* Work required *
Every record below must be written out exactly. Leave out the pictures.

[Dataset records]
-=-=-=-=-
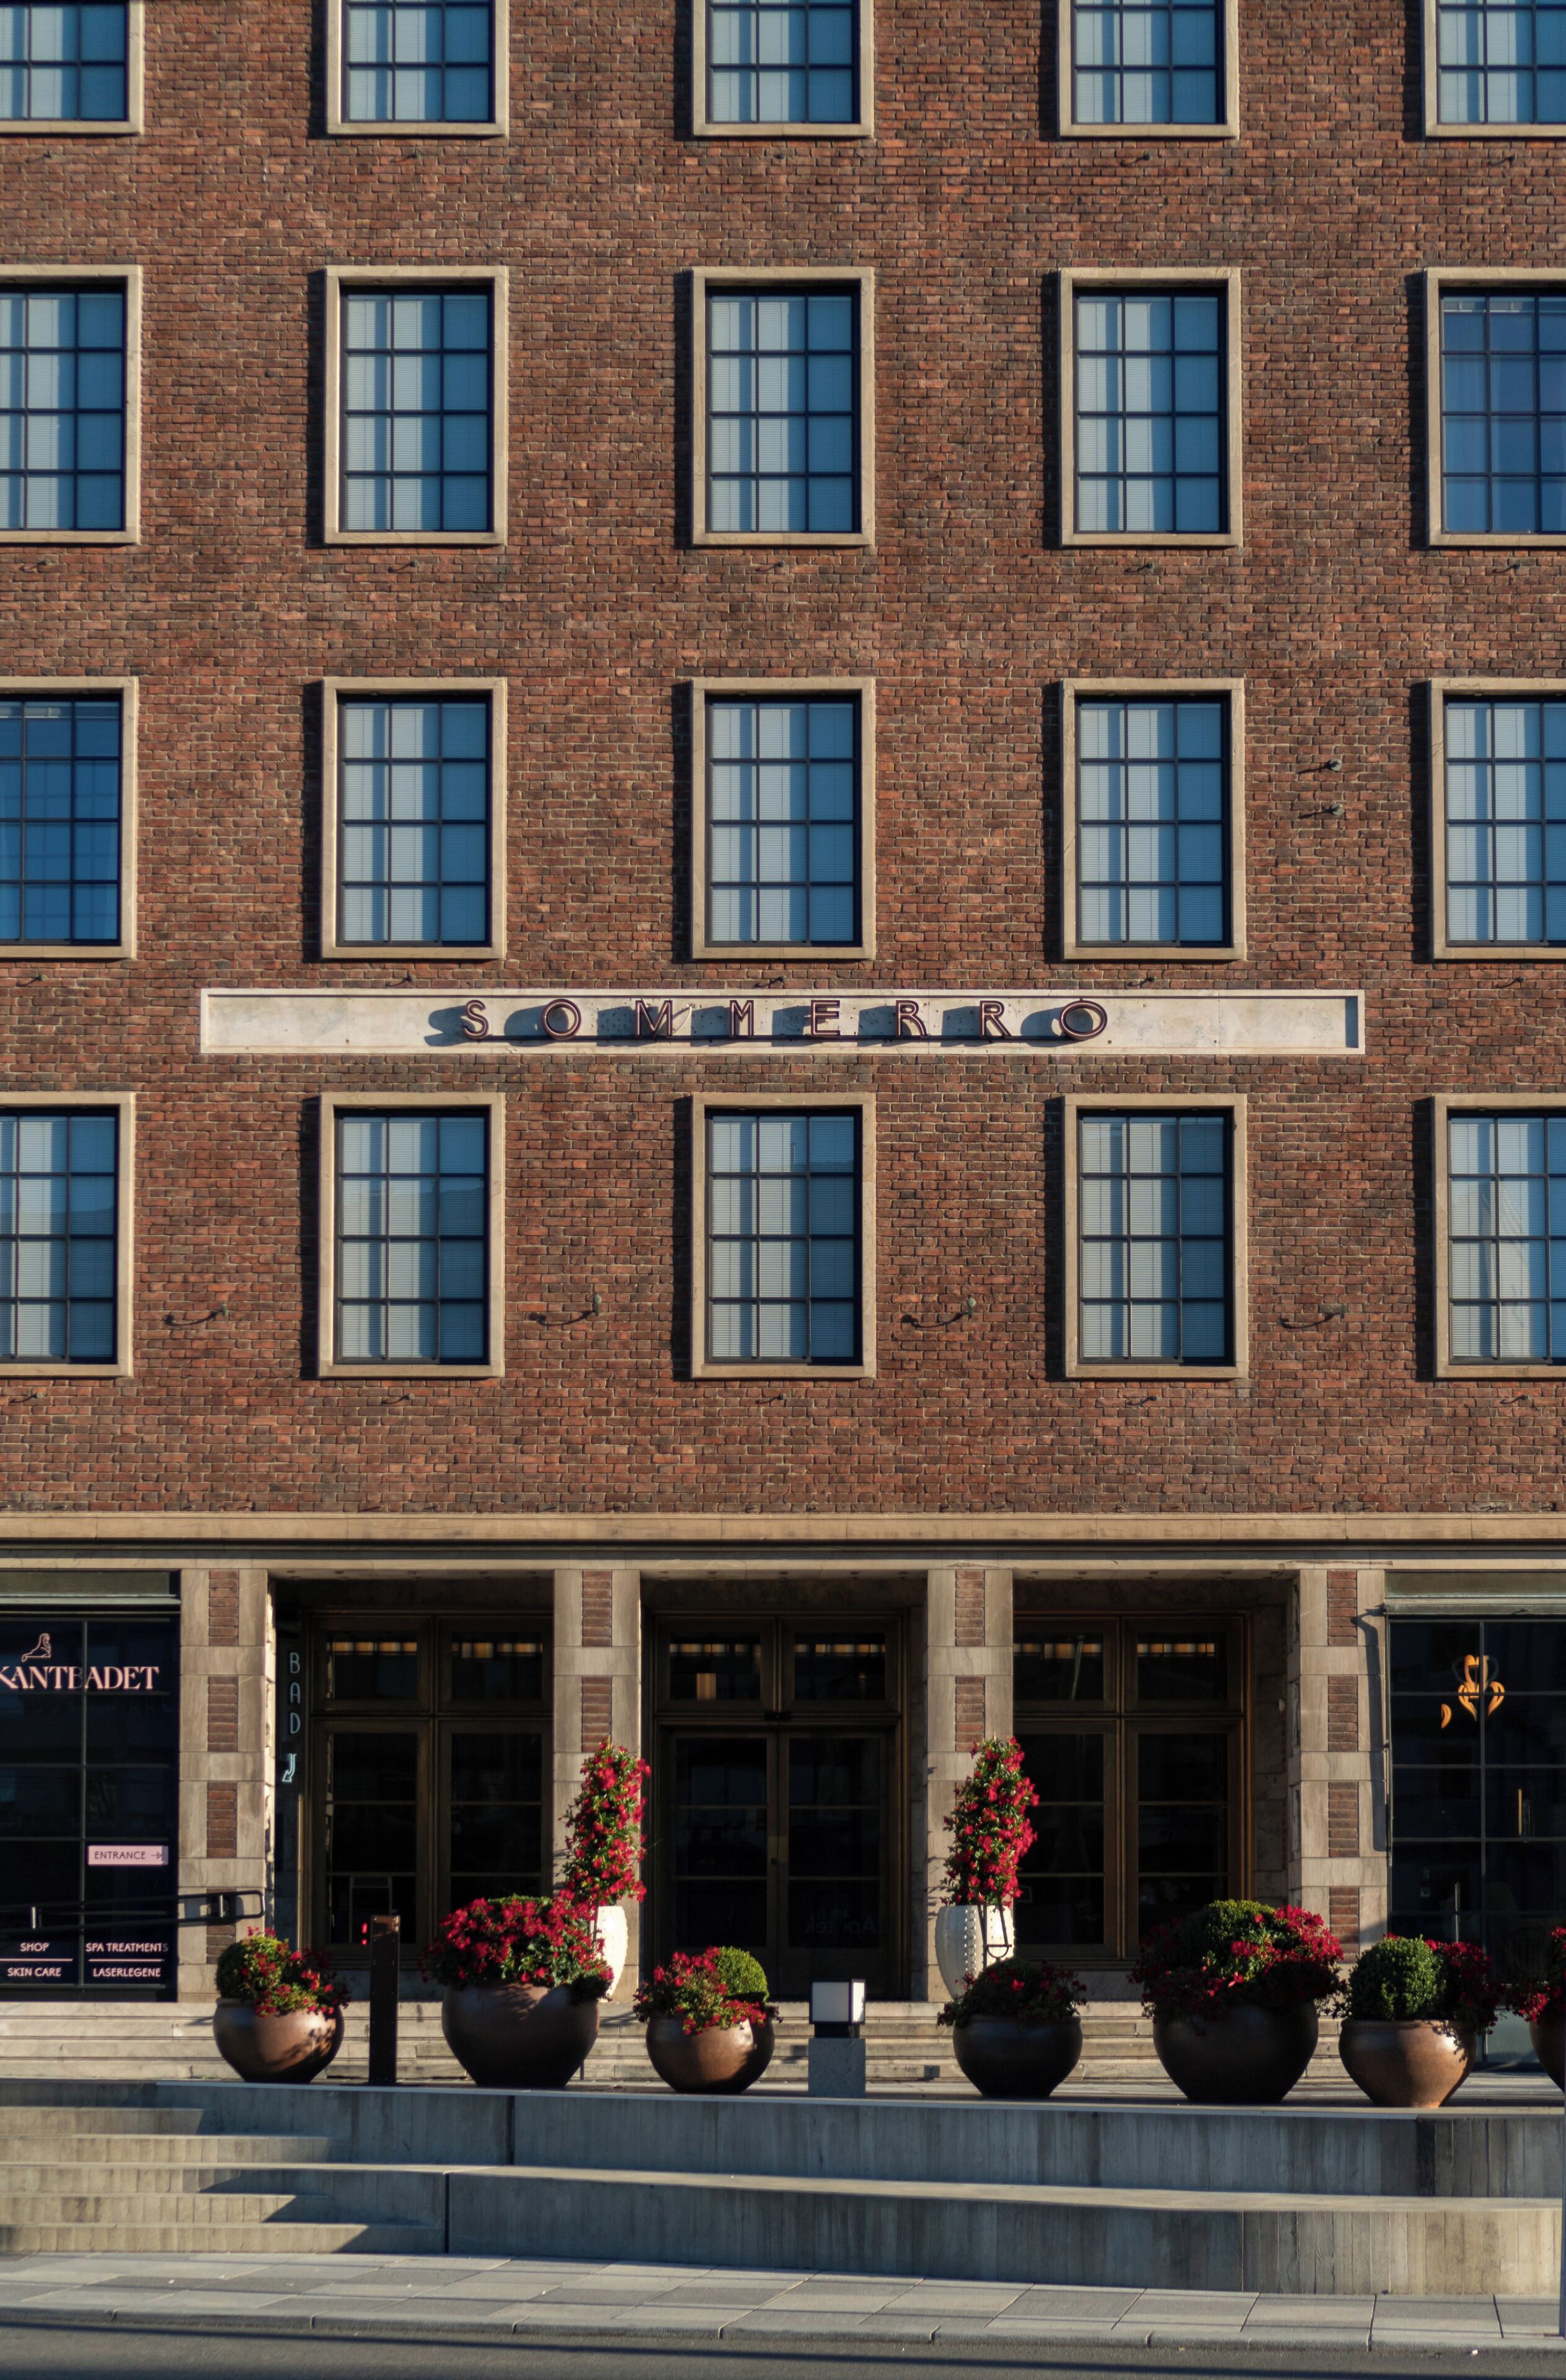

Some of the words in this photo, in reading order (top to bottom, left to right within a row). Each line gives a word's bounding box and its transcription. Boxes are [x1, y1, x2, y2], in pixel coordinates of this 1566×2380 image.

[461, 998, 1108, 1041] SOMMERRO
[290, 1652, 301, 1734] BAD
[94, 1851, 146, 1860] ENTRANCE
[20, 1942, 50, 1952] SHOP
[86, 1942, 104, 1952] SPA
[106, 1942, 169, 1952] TREATMENTS
[7, 1967, 32, 1977] SKIN
[35, 1967, 62, 1977] CARE
[92, 1967, 161, 1977] LASERLEGENE
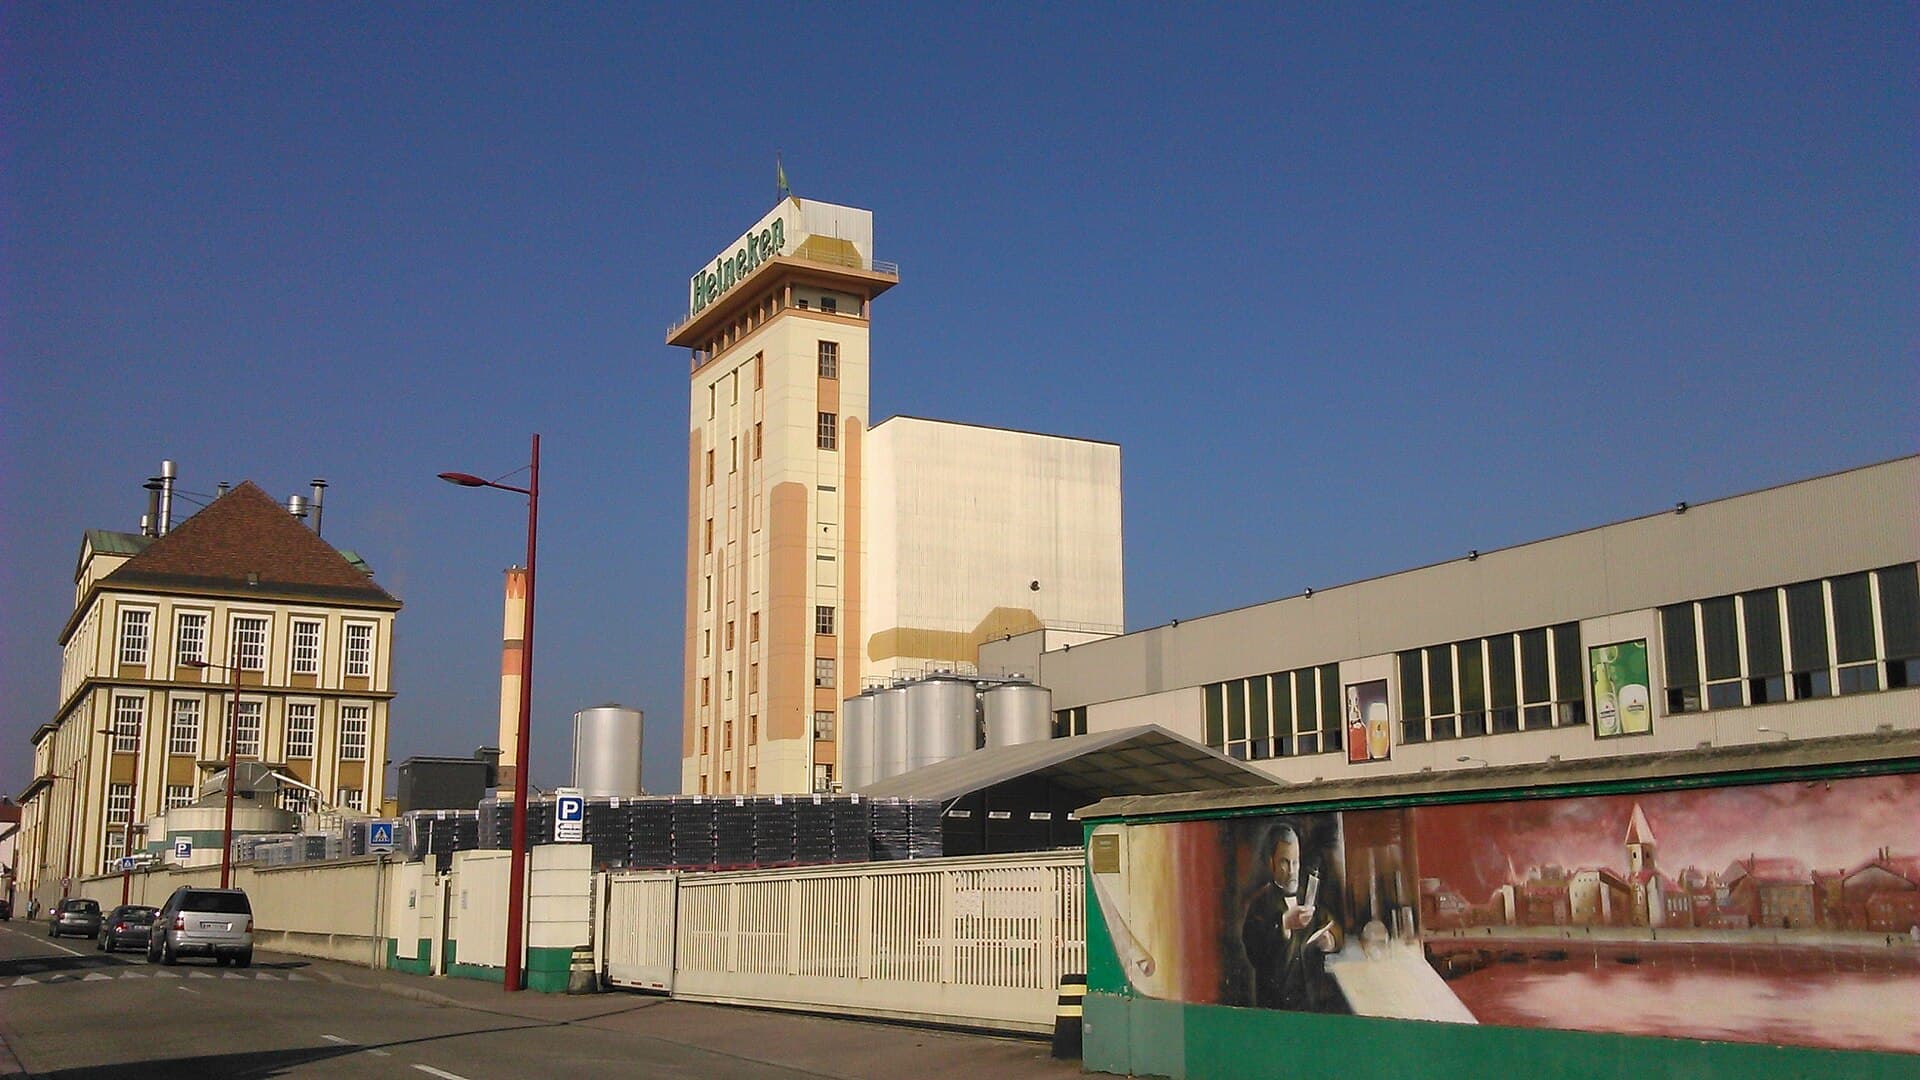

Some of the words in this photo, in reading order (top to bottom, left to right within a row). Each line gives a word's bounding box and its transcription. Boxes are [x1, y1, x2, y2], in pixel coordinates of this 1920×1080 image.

[692, 217, 786, 316] Heineken
[562, 800, 579, 820] P
[177, 843, 187, 854] P
-=-=-=-=-
* Expected answer *
Some of the words in this photo, in reading order (top to bottom, left to right within a row). Each line gives a word's bounding box and its transcription. Boxes are [x1, y1, x2, y2], in pixel coordinates of this 1566×2380 image.

[461, 998, 1108, 1041] SOMMERRO
[290, 1652, 301, 1734] BAD
[94, 1851, 146, 1860] ENTRANCE
[20, 1942, 50, 1952] SHOP
[86, 1942, 104, 1952] SPA
[106, 1942, 169, 1952] TREATMENTS
[7, 1967, 32, 1977] SKIN
[35, 1967, 62, 1977] CARE
[92, 1967, 161, 1977] LASERLEGENE

Some of the words in this photo, in reading order (top to bottom, left to right within a row). Each line gives a word's bounding box and its transcription. Boxes are [x1, y1, x2, y2], in pixel coordinates of this 1920×1080 image.

[692, 217, 786, 316] Heineken
[562, 800, 579, 820] P
[177, 843, 187, 854] P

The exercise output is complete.